**RECORDS FOR THIS TASK:**
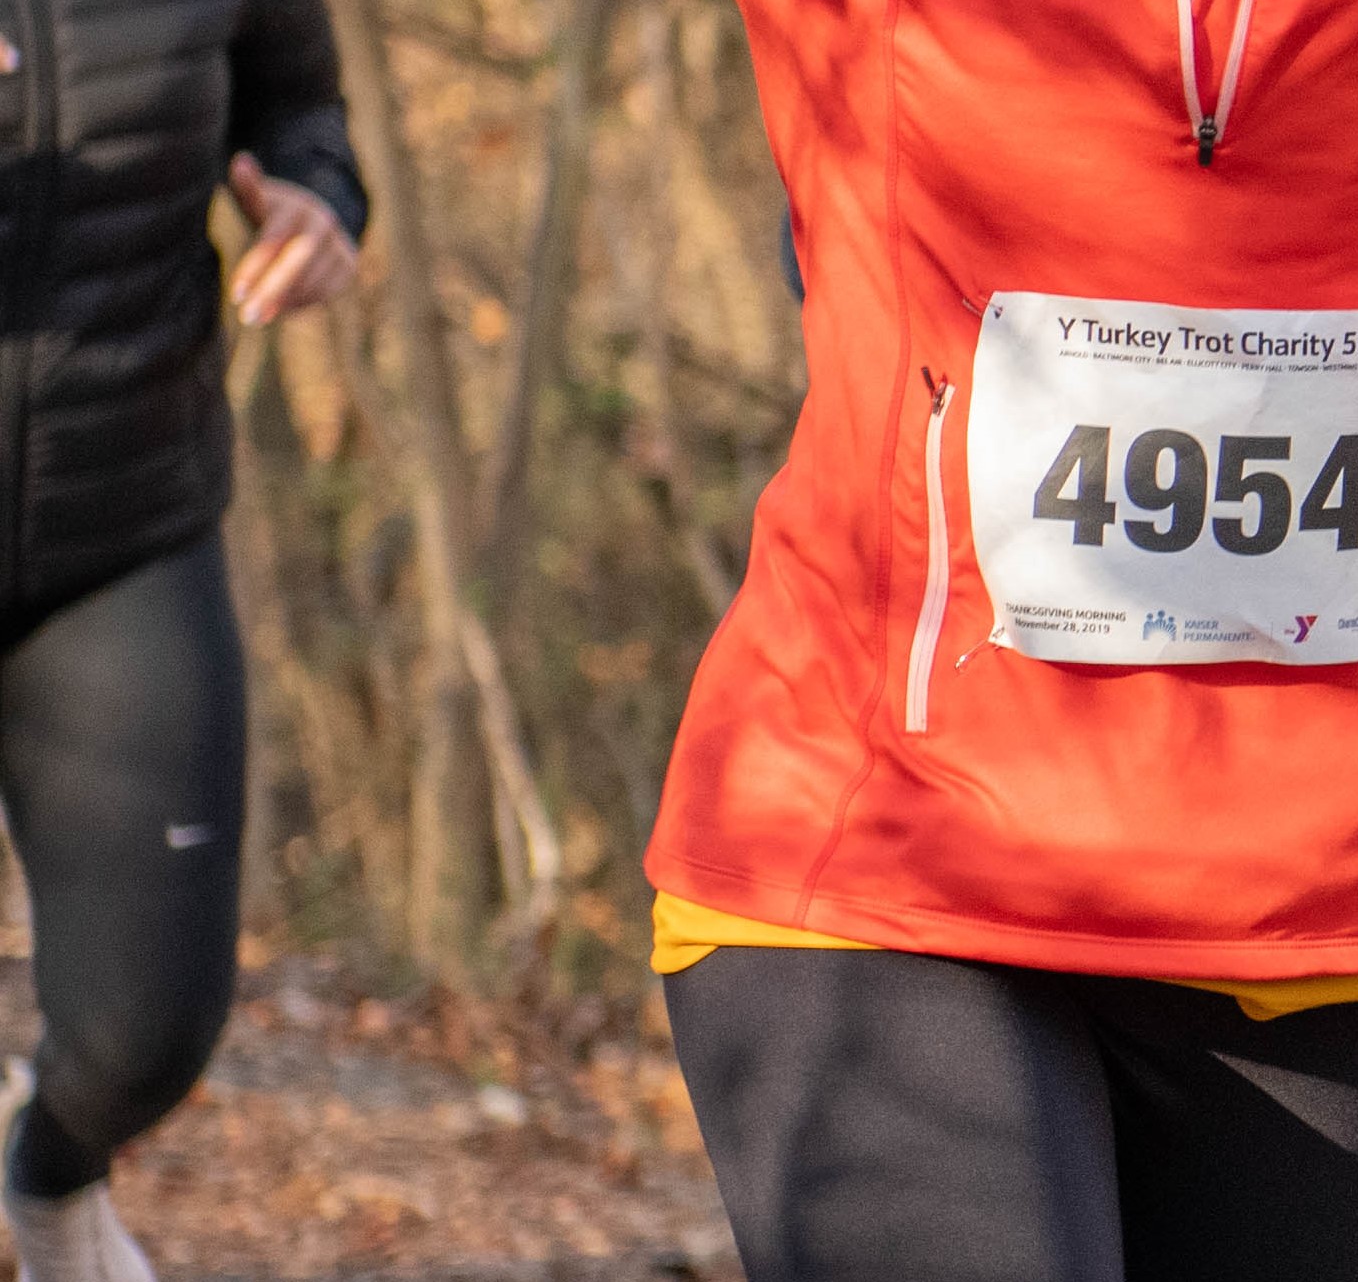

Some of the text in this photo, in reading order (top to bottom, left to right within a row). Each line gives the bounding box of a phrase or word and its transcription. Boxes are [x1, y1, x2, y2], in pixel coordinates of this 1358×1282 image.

[1058, 316, 1076, 341] Y
[1082, 319, 1172, 355] Turkey
[1178, 327, 1234, 354] Trot
[1241, 332, 1335, 362] Charity
[1093, 352, 1133, 363] BALTIMORE
[1135, 356, 1151, 364] CITY
[1005, 602, 1126, 622] THANKSGIVING MORNING
[1015, 618, 1110, 634] November 28, 2019
[1184, 619, 1219, 629] KAISER

**WORK TASK:**
Would you return the records exactly, keeping out every picture?

**ANSWER FOR THE TASK:**
Some of the text in this photo, in reading order (top to bottom, left to right within a row). Each line gives the bounding box of a phrase or word and its transcription. Boxes are [x1, y1, x2, y2], in pixel coordinates of this 1358×1282 image.

[1058, 316, 1076, 341] Y
[1082, 319, 1172, 355] Turkey
[1178, 327, 1234, 354] Trot
[1241, 332, 1335, 362] Charity
[1093, 352, 1133, 363] BALTIMORE
[1135, 356, 1151, 364] CITY
[1005, 602, 1126, 622] THANKSGIVING MORNING
[1015, 618, 1110, 634] November 28, 2019
[1184, 619, 1219, 629] KAISER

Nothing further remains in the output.